TASK INSTRUCTIONS — Every line from the line containing "Some of the words" to the end of the data must appear in the answer exactly as it appears there, and nothing else.

***

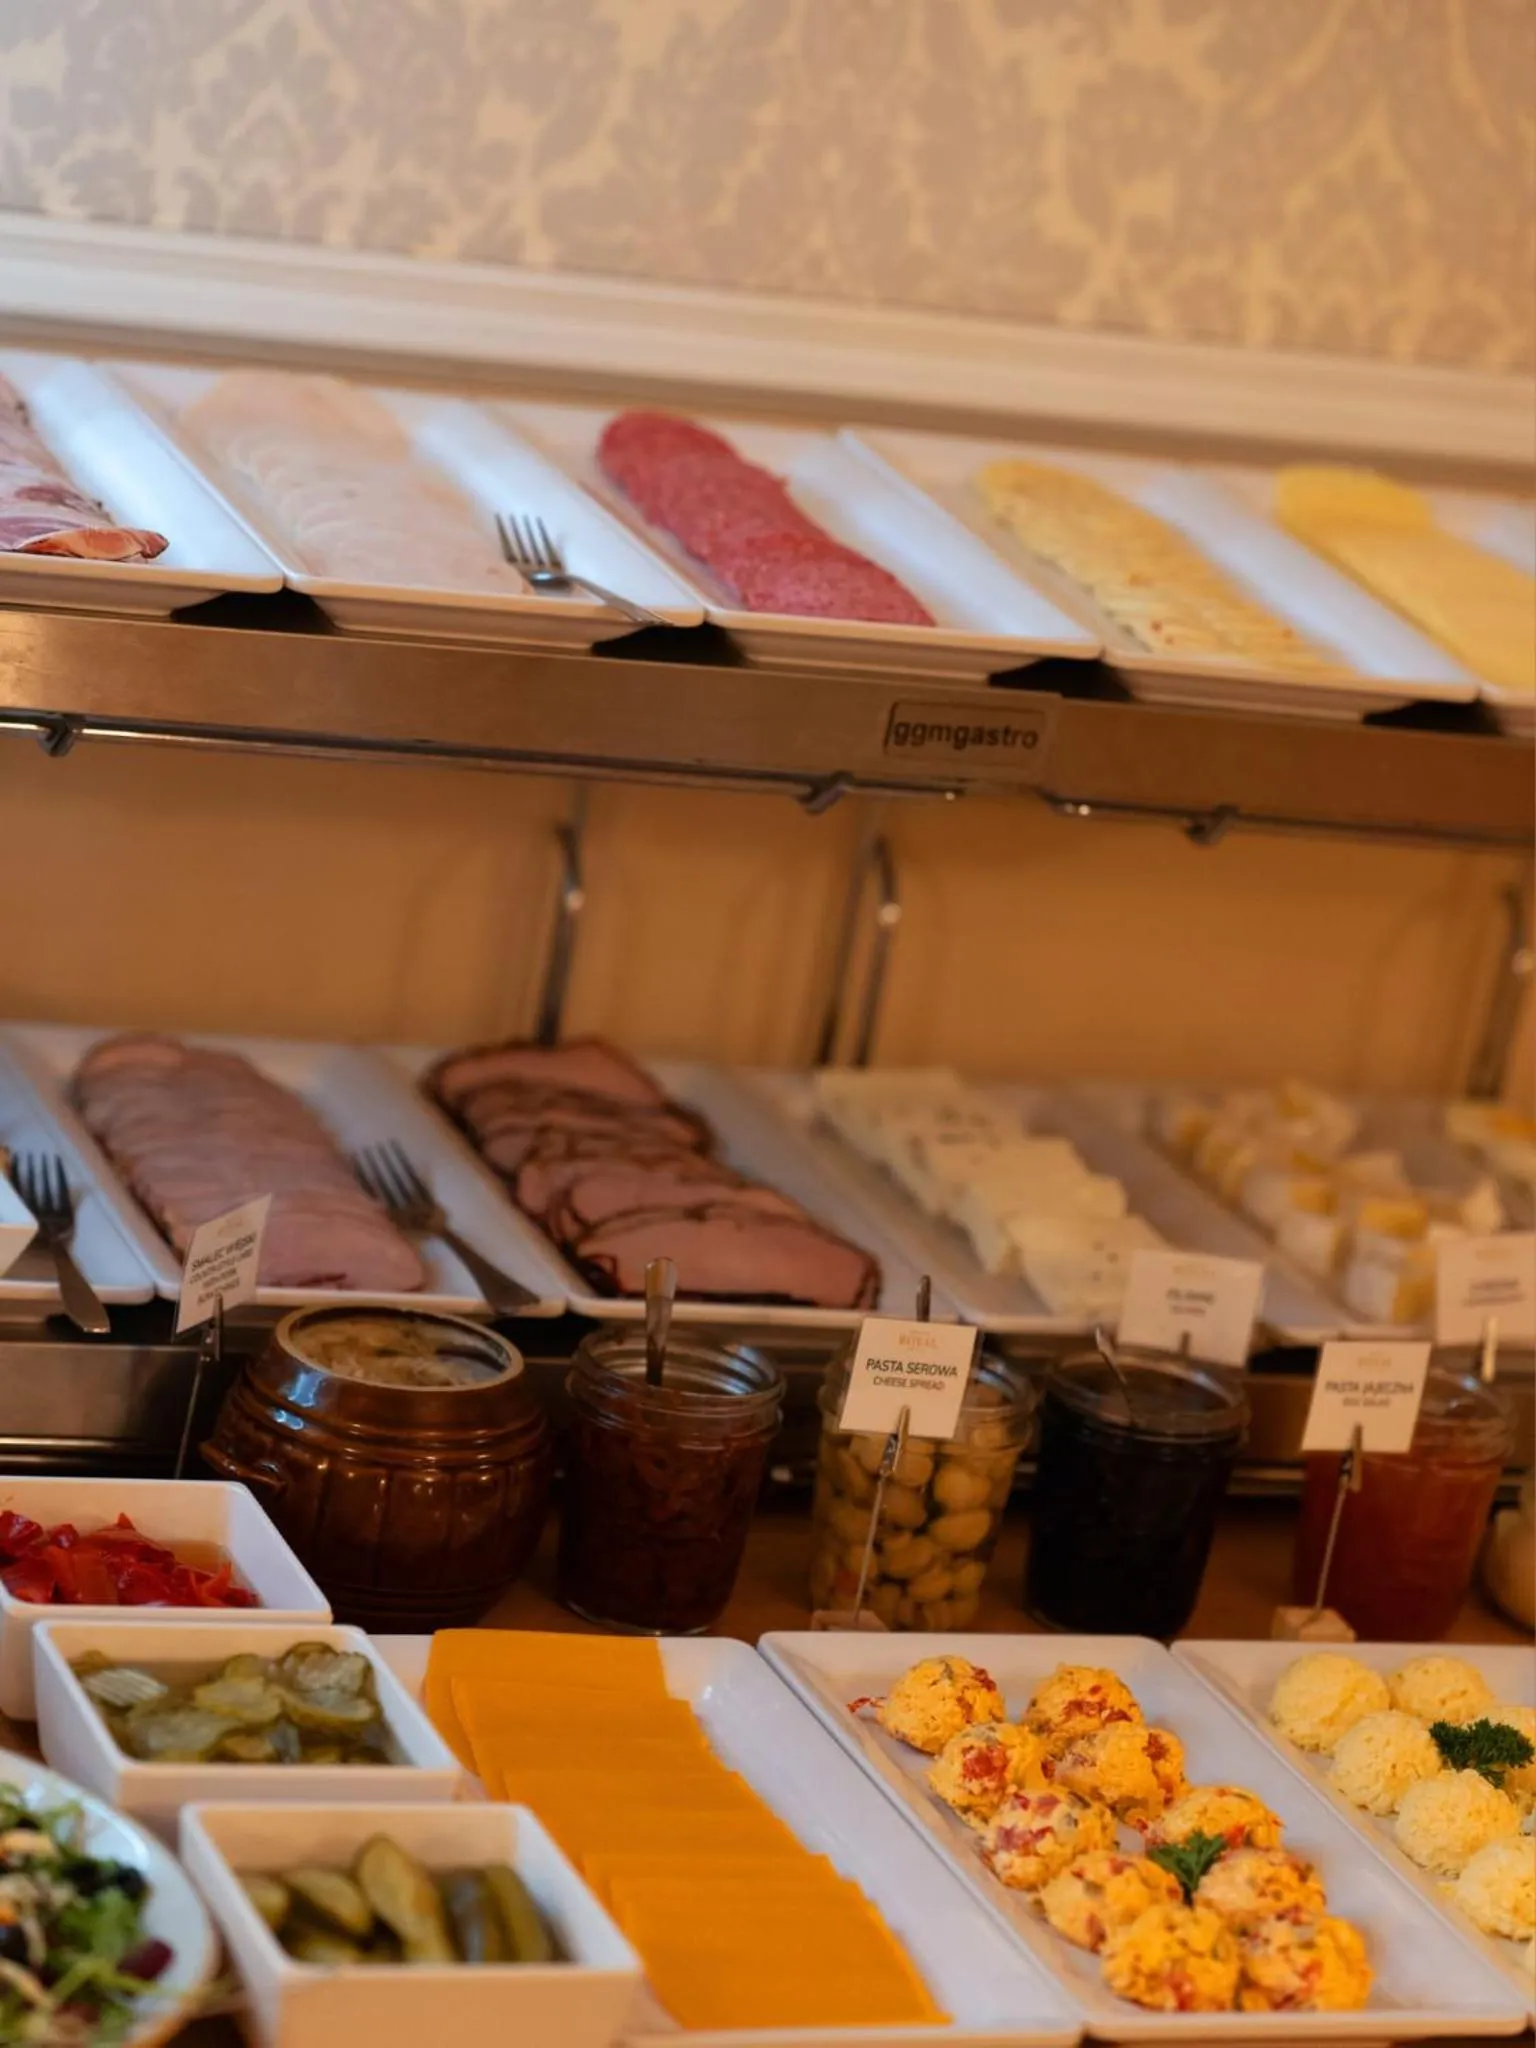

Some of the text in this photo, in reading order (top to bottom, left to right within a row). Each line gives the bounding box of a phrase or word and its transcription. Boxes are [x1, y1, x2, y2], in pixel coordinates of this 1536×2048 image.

[893, 721, 1039, 751] ggmgastro
[865, 1357, 958, 1377] PASTA SEROWA
[873, 1376, 907, 1388] CHEESE
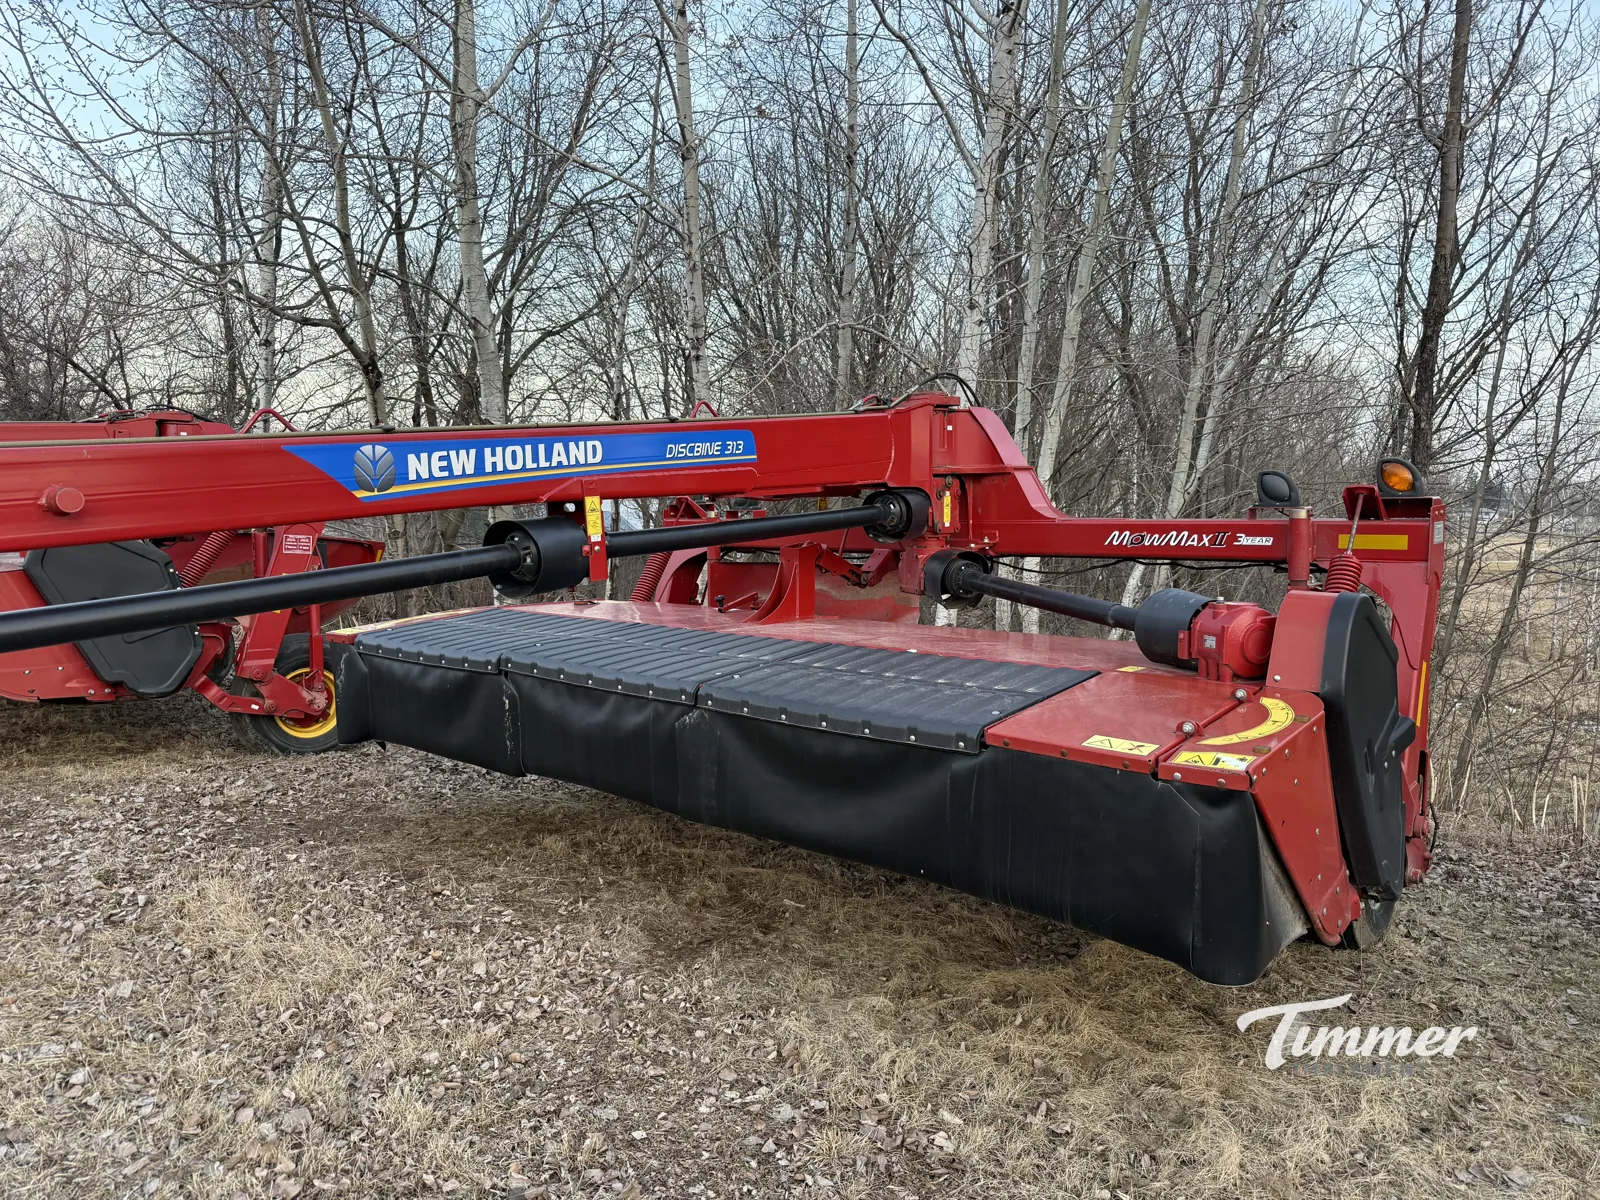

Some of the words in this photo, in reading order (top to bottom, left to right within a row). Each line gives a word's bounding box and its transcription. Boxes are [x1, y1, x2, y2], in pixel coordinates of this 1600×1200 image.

[407, 449, 476, 481] NEW
[484, 440, 603, 473] HOLLAND
[666, 442, 722, 458] DISCBINE
[725, 440, 744, 454] 313

***

WRITTEN RESPONSE —
Some of the words in this photo, in reading order (top to bottom, left to right within a row). Each line gives a word's bounding box and its transcription. Boxes are [x1, y1, x2, y2], in pixel coordinates of this 1600×1200 image.

[407, 449, 476, 481] NEW
[484, 440, 603, 473] HOLLAND
[666, 442, 722, 458] DISCBINE
[725, 440, 744, 454] 313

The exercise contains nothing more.